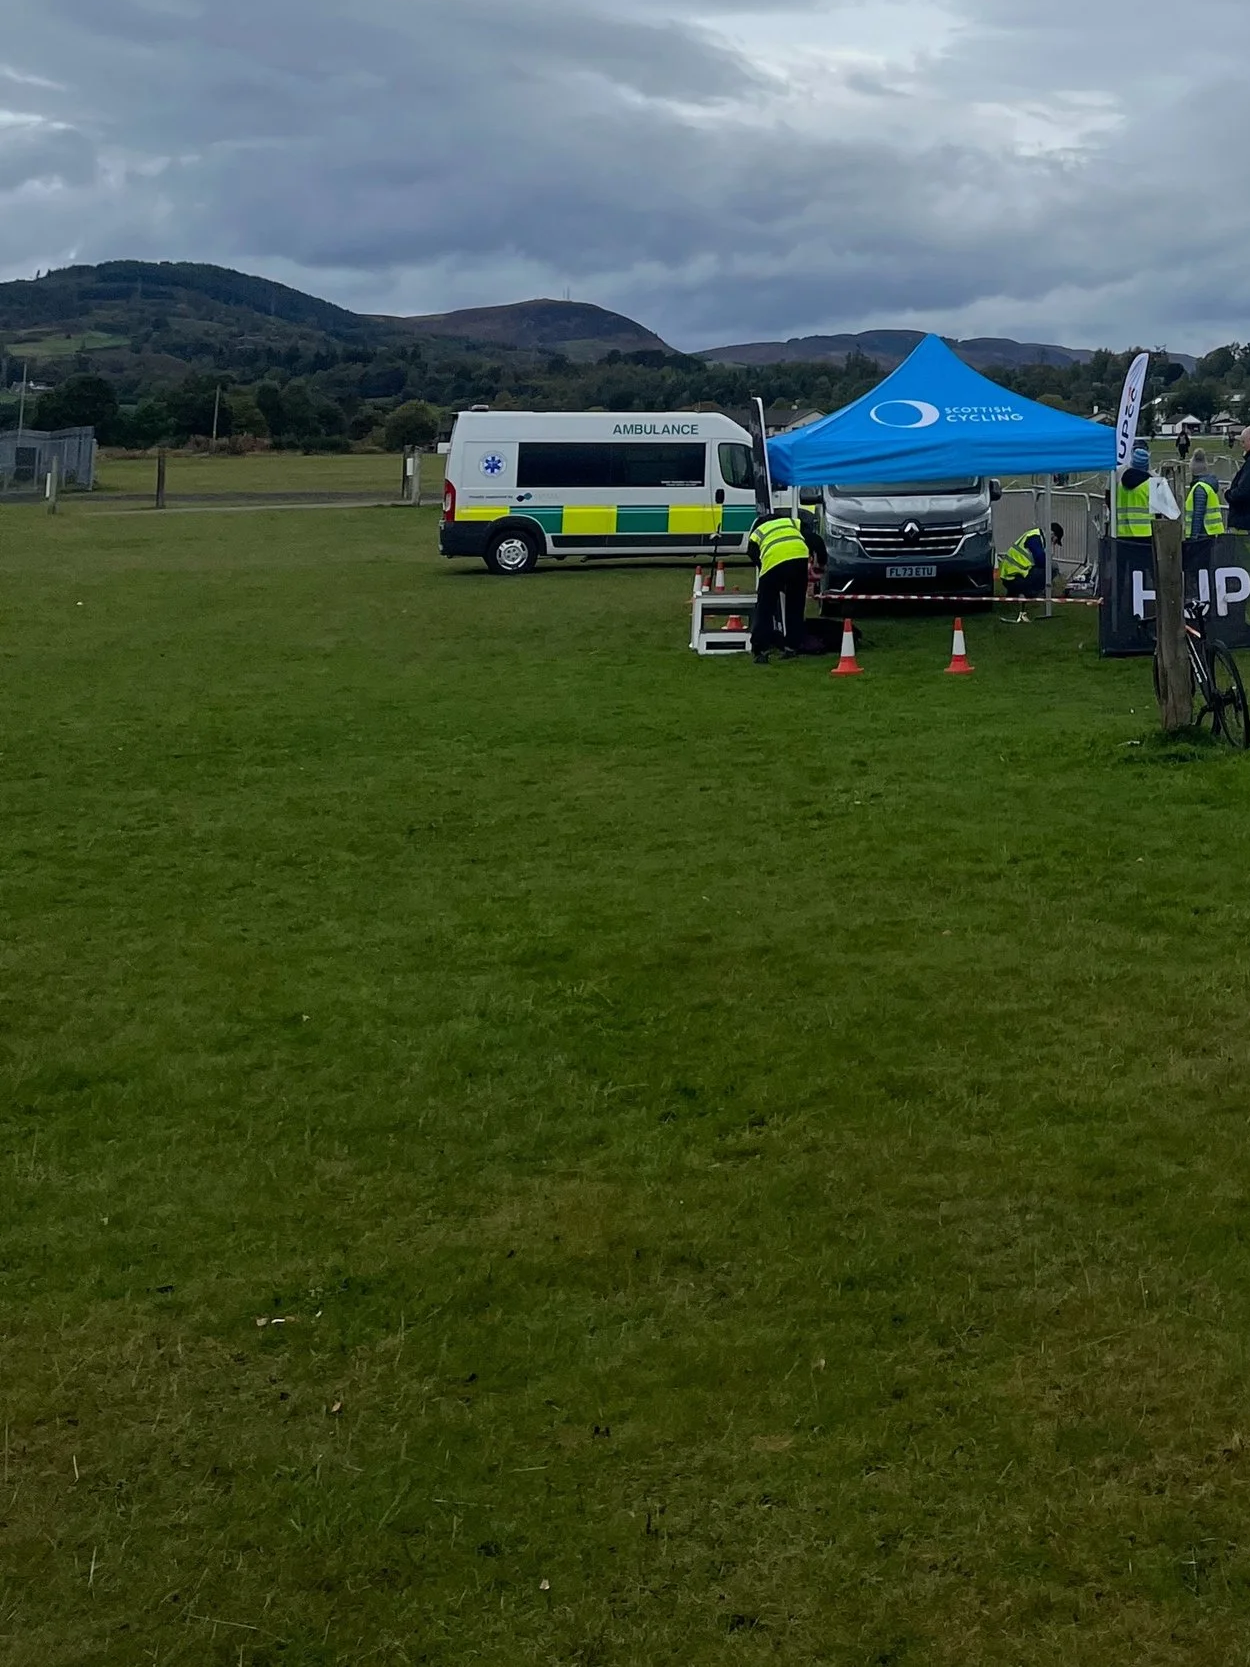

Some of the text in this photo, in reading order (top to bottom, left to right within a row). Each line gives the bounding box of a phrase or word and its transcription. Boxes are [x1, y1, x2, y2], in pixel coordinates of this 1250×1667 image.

[944, 406, 1012, 414] SCOTTISH
[946, 413, 1024, 422] CYCLING
[613, 424, 699, 435] AMBULANCE
[1117, 388, 1137, 466] UPcc
[890, 567, 933, 576] FL73 ETU

* [WHAT YOU ARE ASKED TO DO]: Produce a word-for-word copy of the records, omitting all images.

* [OUTPUT FOR THIS EXERCISE]:
Some of the text in this photo, in reading order (top to bottom, left to right within a row). Each line gives the bounding box of a phrase or word and its transcription. Boxes are [x1, y1, x2, y2], in pixel coordinates of this 1250×1667 image.

[944, 406, 1012, 414] SCOTTISH
[946, 413, 1024, 422] CYCLING
[613, 424, 699, 435] AMBULANCE
[1117, 388, 1137, 466] UPcc
[890, 567, 933, 576] FL73 ETU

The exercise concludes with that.